O salto de qualidade foi imediato, uma pequena “revolução copernicana” da informação: não apenas a versão oficial ou a versão “alternativa” oficial, mas tudo um leque de possibilidades ao alcance de todos. E foi ai que começou a surgir a barreira entre os “informados” e os “não informados”.

Na verdade, a multiplicidade dos pontos de vista é apenas a primeira das vantagens oferecidas pela revolução da Internet: a diferença real começa a sentir-se quando o utente utilizar essa multiplicidade de ângulos para construir novos “sujeitos de informação”, que não existiam antes, sobre os quais será possível basear os próximos passos da pesquisa.

Outro exemplo. Ao observar a guerra do Kosovo com os olhos da Web, é fácil entender como esta foi uma operação planeada e orquestrada pelas Nações ocidentais para eliminar duma vez por todas o obstáculo da Sérvia.
E se essa pessoa estudarem a recente “libertação” da Líbia, então é simples perceber que as mesmas Nações ocidentais têm usado uma táctica muito parecida (agitação civil fomentada em segredo para justificar uma “intervenção humanitária”) para livrar-se dum outro obstáculo bastante chato, o coronel Khadafi.

Nesta altura, o utente da internet faz “um mais um” (o que na maior parte dos casos resulta em “dois”), e da próxima vez que ouvir falar de “intervenção humanitária” já será mais fácil compreender em poucos segundos o que realmente está por baixo da versão oficial.

Em outras palavras, a análise separada das diferentes situações históricas levou o utente não só a compreender melhor cada uma delas, mas também a aprender um novo conceito, o conceito de false flag (operações de falsa-bandeira) que antes não conhecia ou apenas suspeitava.

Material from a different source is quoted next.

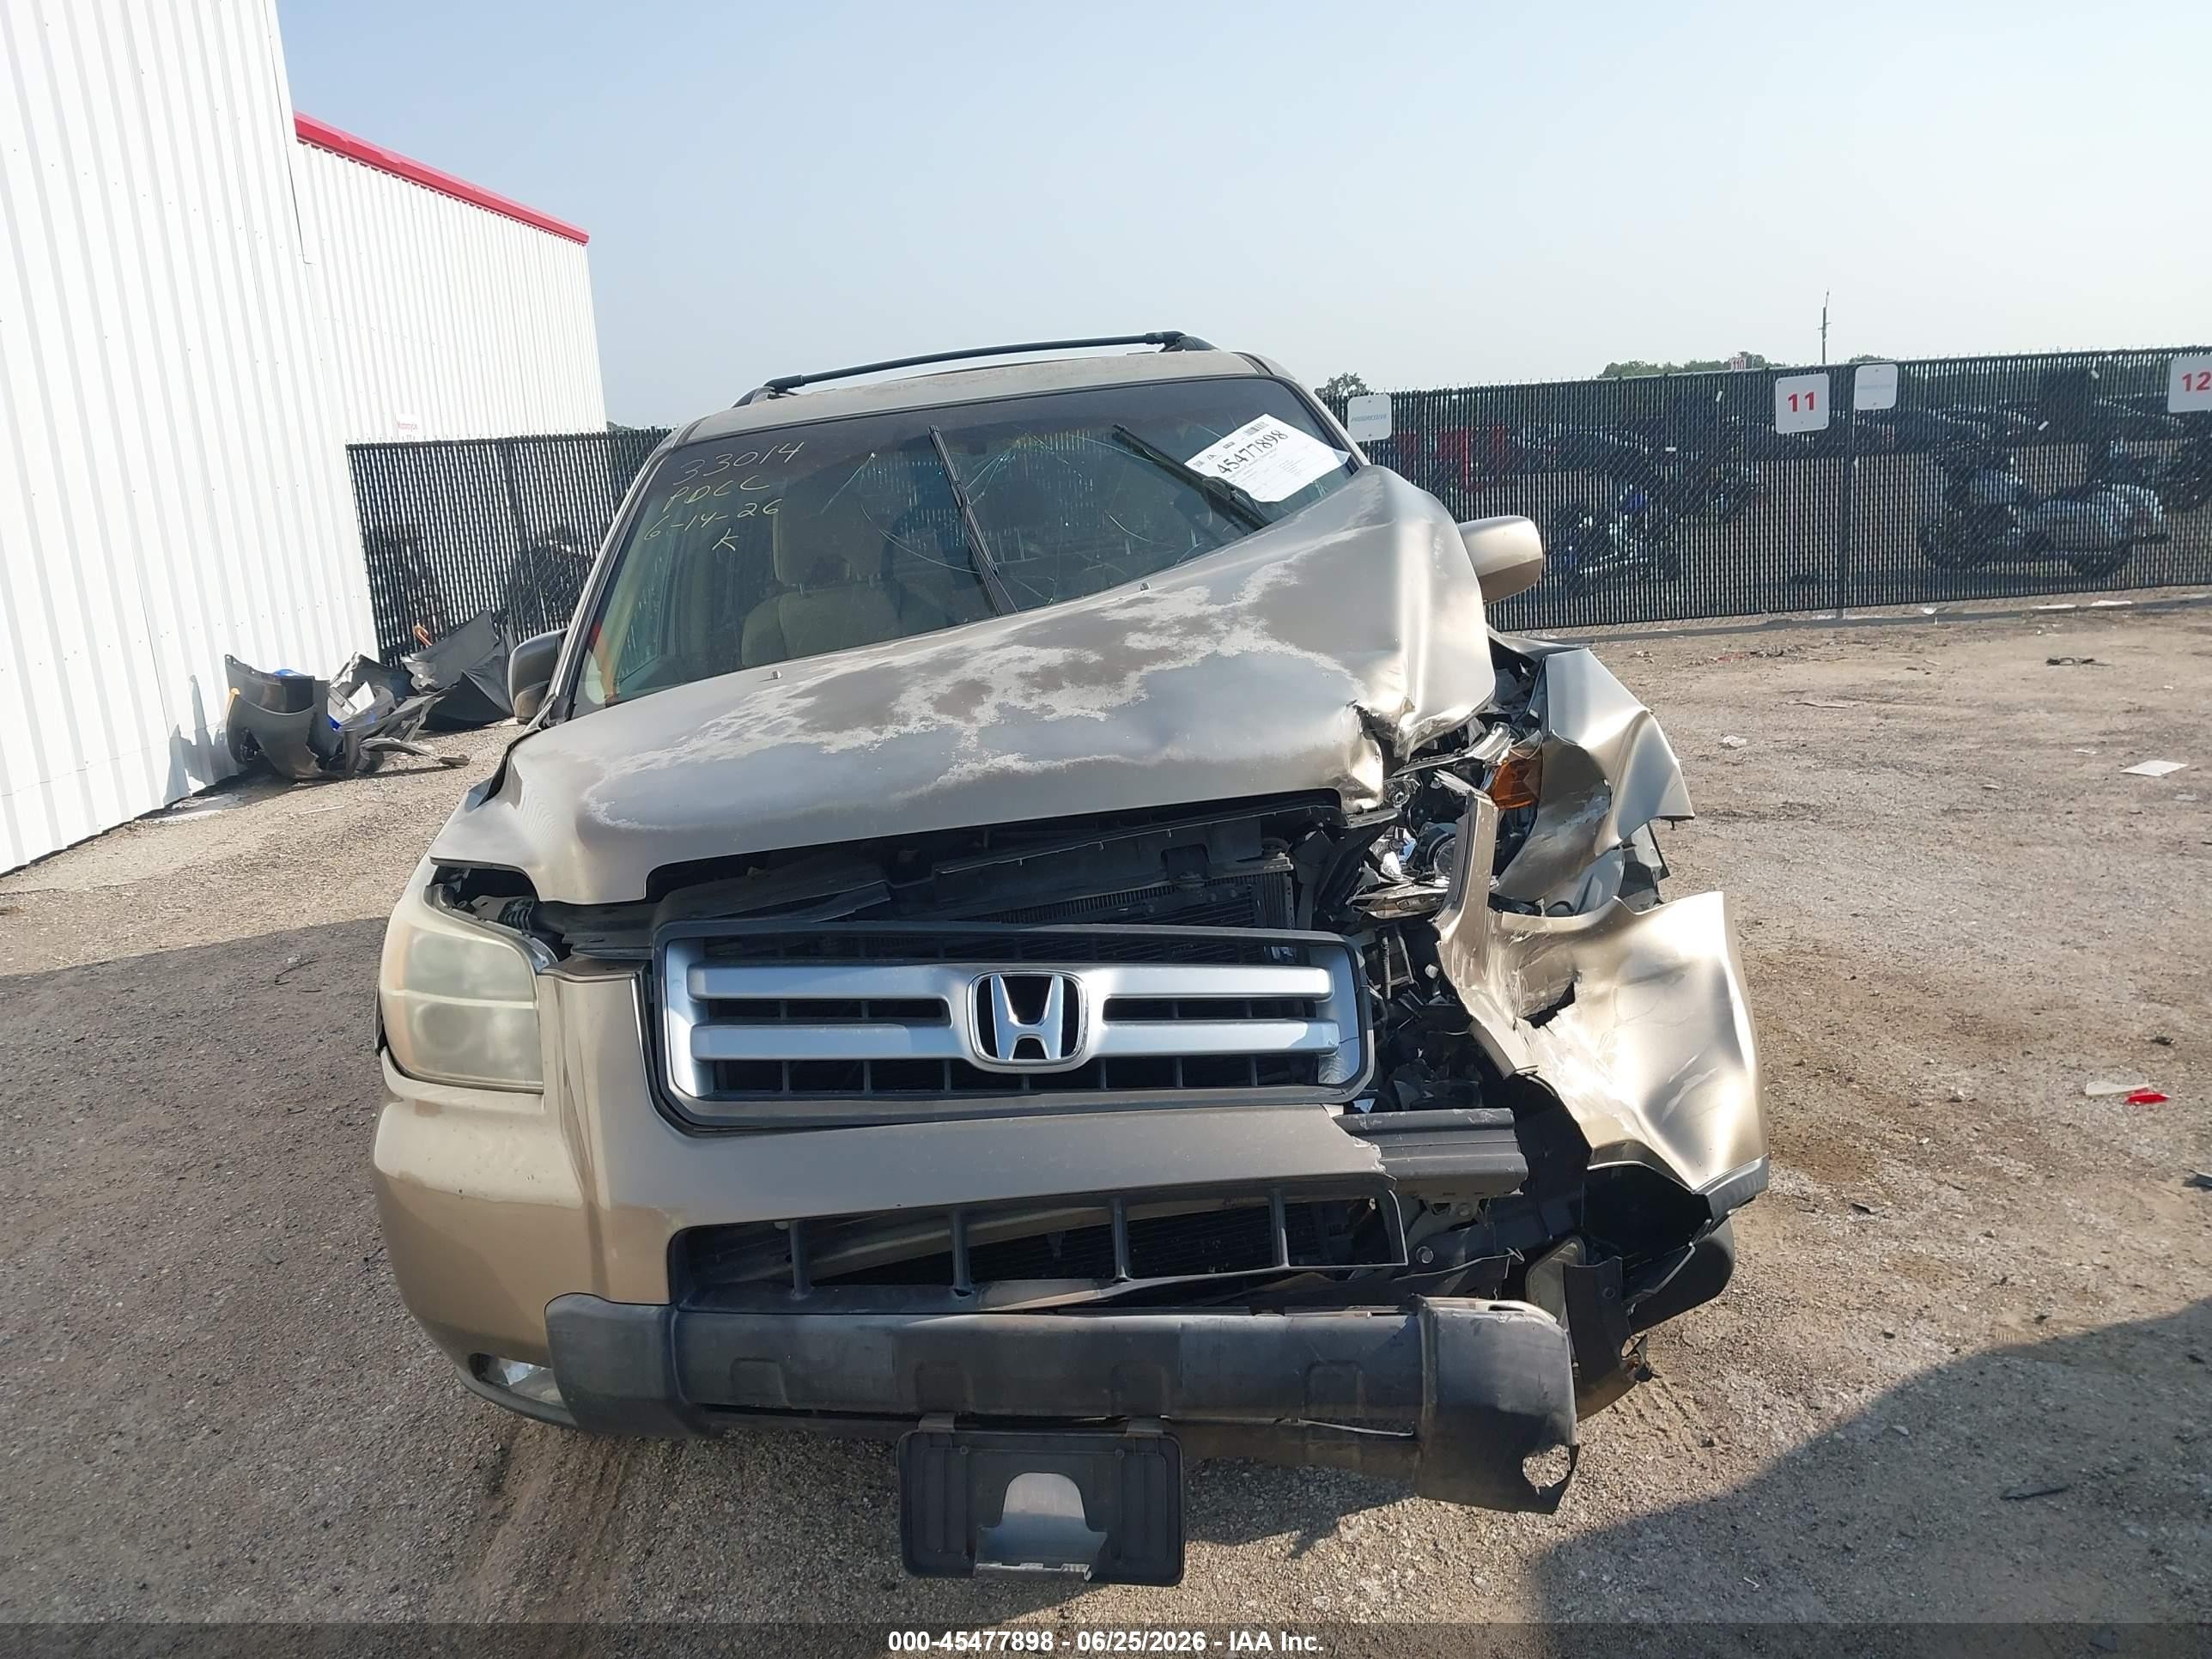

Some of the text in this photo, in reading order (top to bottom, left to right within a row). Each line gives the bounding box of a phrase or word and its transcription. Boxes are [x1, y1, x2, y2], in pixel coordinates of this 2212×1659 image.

Não apenas isso, mas internet ofereceu além duma forma mental mais aberta, também uma série de instrumentos para verificar em tempos mais rápidos as bases das afirmações “institucionais”: as informações viajam de forma com uma velocidade antes desconhecidas, acumulam-se e ficam à disposição para uma consultação mais prática. Pelo que desmontar uma versão oficial é muito mais prático.

Entretanto, aqueles que ficam afastados desta nova realidade informativa e que assistem aos noticiários da televisão ficam retidos no nível 1: no Kossovo havia só rebeldes servos, na Líbia havia apenas um mostro de nome Khadafi. E das próximas operações false-flag continuará a ver apenas a fachada, a mesma apresentada pelos principais meios de comunicação.

Desta forma, não só nunca vai entender o significado real de cada evento, mas não pode mesmo começar a conecta-los uns com os outros porque não será capaz de adquirir o novo conceito de false-flag. As várias operações ficam assim como eventos desligados, sem qualquer relacionamento, quase “frutos do acaso”.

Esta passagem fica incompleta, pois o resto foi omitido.